Clearly, The term “Net Present Value (NPV)” refers to the total present value of all future cash flows. In this instance, the NPV is Rs. 32,80,842. This also indicates that the total present value of all future cash flows from the pizza machine is Rs. 32,80,842. This is roughly how much the pizza machine should cost George if he had to purchase it from Vishal. George must make sure the price is Rs. 32,80,842 or less, but definitely not more.
Consider this: What if a business took the place of the pizza machine? Can we discount every future cash flow the company generates to determine the value of its stock?

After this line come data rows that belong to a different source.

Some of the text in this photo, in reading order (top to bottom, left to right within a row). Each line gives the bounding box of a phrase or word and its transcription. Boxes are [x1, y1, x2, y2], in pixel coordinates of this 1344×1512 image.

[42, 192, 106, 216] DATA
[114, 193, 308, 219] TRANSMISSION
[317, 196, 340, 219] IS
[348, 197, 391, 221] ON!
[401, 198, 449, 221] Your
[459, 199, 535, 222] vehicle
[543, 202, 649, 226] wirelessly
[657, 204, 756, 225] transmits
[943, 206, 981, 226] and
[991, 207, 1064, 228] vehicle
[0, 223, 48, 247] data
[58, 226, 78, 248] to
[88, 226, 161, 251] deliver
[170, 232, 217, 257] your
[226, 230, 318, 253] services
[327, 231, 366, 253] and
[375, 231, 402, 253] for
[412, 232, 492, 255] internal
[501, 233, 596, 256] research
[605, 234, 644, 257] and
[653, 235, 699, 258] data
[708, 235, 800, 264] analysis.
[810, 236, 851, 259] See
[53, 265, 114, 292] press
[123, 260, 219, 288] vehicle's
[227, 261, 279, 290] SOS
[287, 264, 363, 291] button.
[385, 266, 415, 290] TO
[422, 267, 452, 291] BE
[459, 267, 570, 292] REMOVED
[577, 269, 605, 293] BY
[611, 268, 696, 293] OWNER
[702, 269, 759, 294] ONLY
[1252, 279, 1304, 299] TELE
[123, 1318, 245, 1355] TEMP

Yes, we can accomplish this, and under the “Discounted Cash Flow” model, we actually will.
CONCLUSION
- Firstly, We can estimate a stock’s price using a valuation model, such as the DCF model.
- Next, The DCF model is composed of a number of interconnected financial ideas.
- As you know, One of the most important financial concepts is the “Time Value of Money,” which is used in the DCF technique among other economic theories.
- In Fact, The worth of money cannot be treated uniformly through time, therefore its value in today’s terms won’t necessarily be the same at some point in the future.
- However, We must “time travel the money” after taking opportunity cost into account in order to compare money over time.
- Generally, The estimated value of the money we have today at some point in the future is known as the “future value of money.”
The present value of money calculates the amount of money due in the future based on its current value.
Lastly, The total of all the present values of the future cash flows is what is known as the Present Net Value (NPV) of money.